À l'heure où les compétitions phares deviennent des « grands-messes » planétaires, les clubs d'élite souffrent de ce défaut d'infrastructures, alors qu'ils sont placés en situation de concurrence avec des rivaux européens en règle générale mieux lotis qu'eux.
De fait, la France fait pâle figure à côté de certains de ses voisins en matière d'équipements sportifs.

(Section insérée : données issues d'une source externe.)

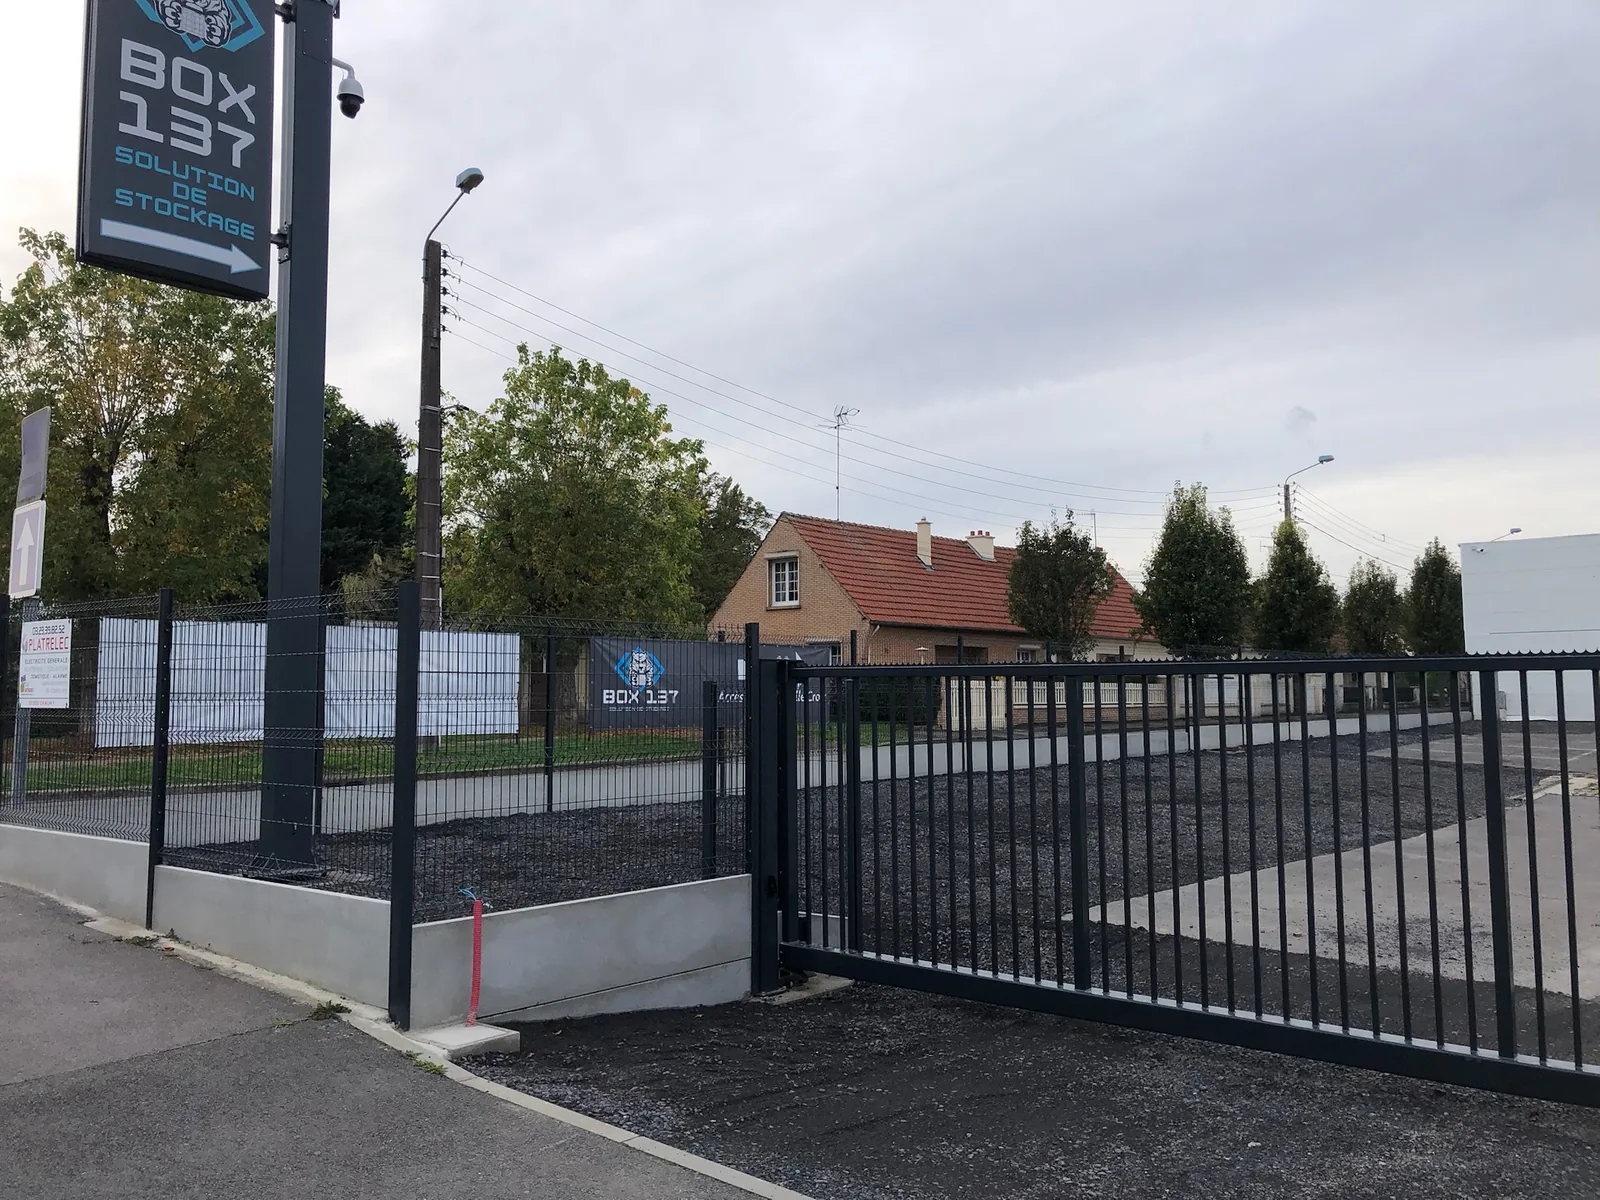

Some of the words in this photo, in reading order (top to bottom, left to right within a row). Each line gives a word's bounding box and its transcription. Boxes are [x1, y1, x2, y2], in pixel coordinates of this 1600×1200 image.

[120, 38, 256, 124] BOX
[118, 90, 256, 168] 137
[115, 145, 255, 201] SOLUTION
[172, 181, 207, 206] DE
[115, 188, 255, 241] STOCKAGE
[28, 637, 69, 651] PLATRELEC
[602, 689, 639, 704] BOX
[646, 689, 679, 704] 137
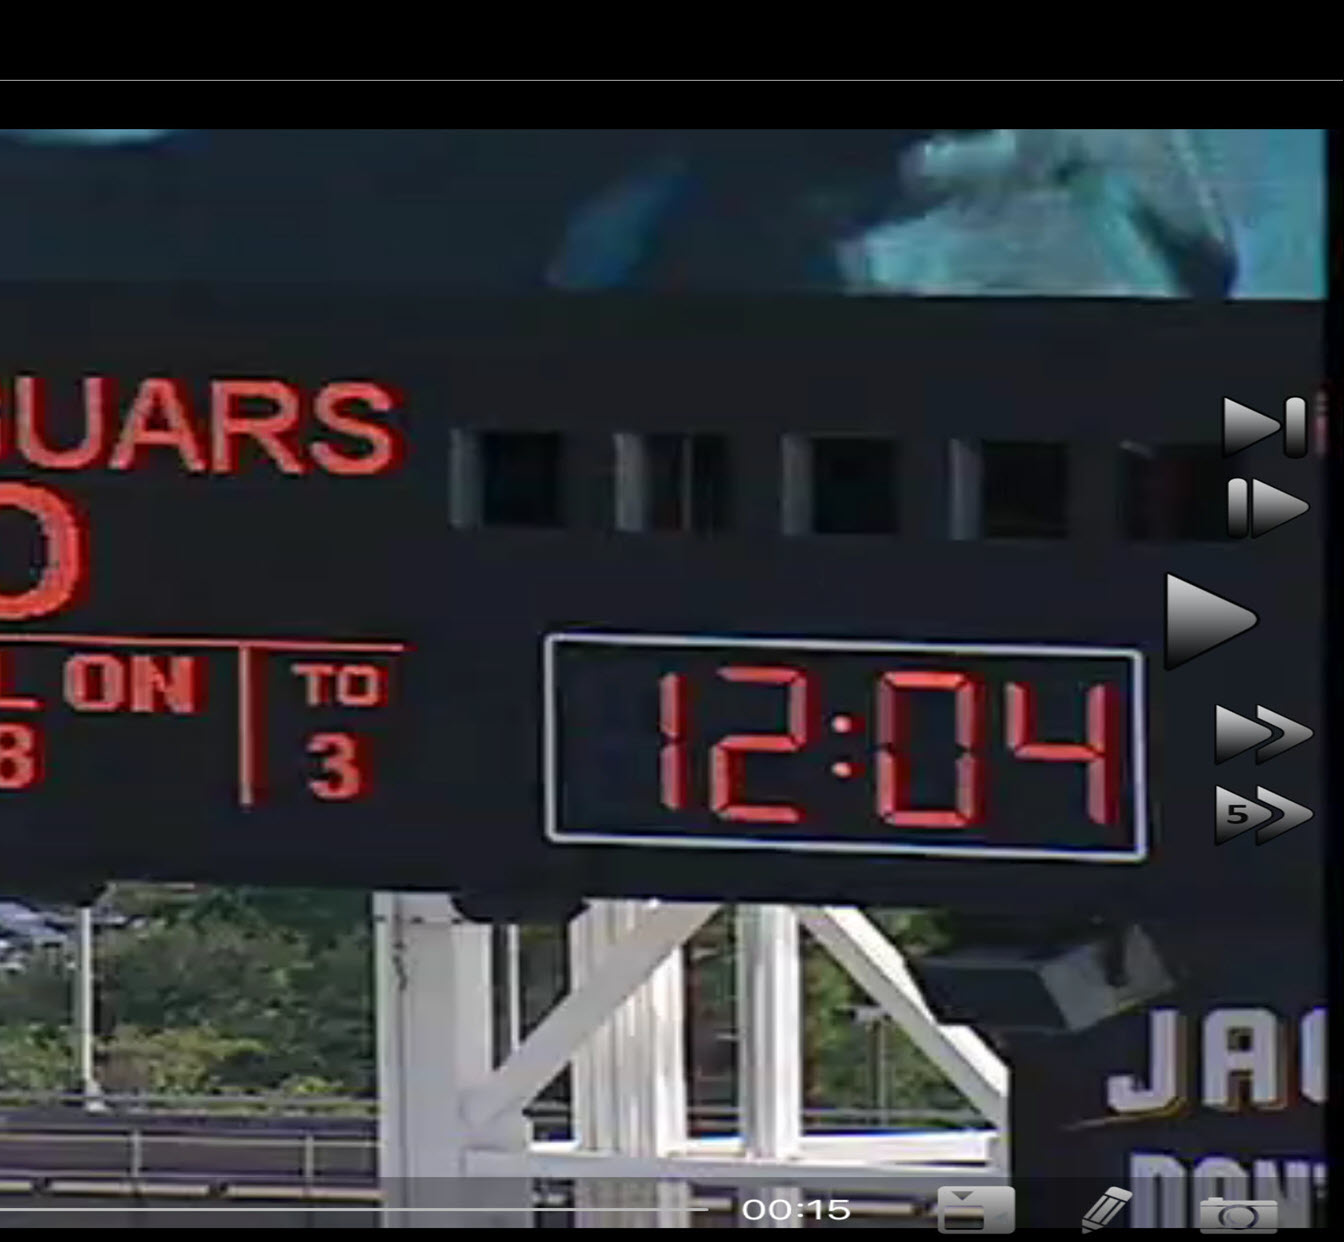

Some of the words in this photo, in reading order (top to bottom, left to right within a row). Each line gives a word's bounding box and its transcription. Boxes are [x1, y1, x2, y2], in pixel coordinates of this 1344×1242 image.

Notre pays accuse un retard particulièrement important dans deux domaines , que les travaux réalisés en prévision de l'Euro 2016 et ceux à venir pour la Coupe du monde de handball en 2017 ambitionnent de combler en partie : la construction de salles de taille intermédiaire et d'arénas, et la montée en gamme des stades.
a) Une pénurie d'arénas et de salles de taille intermédiaire
Le constat dressé par le rapport Aréna 2015 est alarmant : « En matière de grandes salles, la France s'est endormie ». En trente ans, seulement deux salles de plus de 10 000 places ont été construites : le Palais omnisports de Paris-Bercy (POPB) d'une capacité de 14 500 places en configuration sport (1983) et le Park&Suites Arena de Montpellier d'une capacité de 14 000 places en configuration sport (2010).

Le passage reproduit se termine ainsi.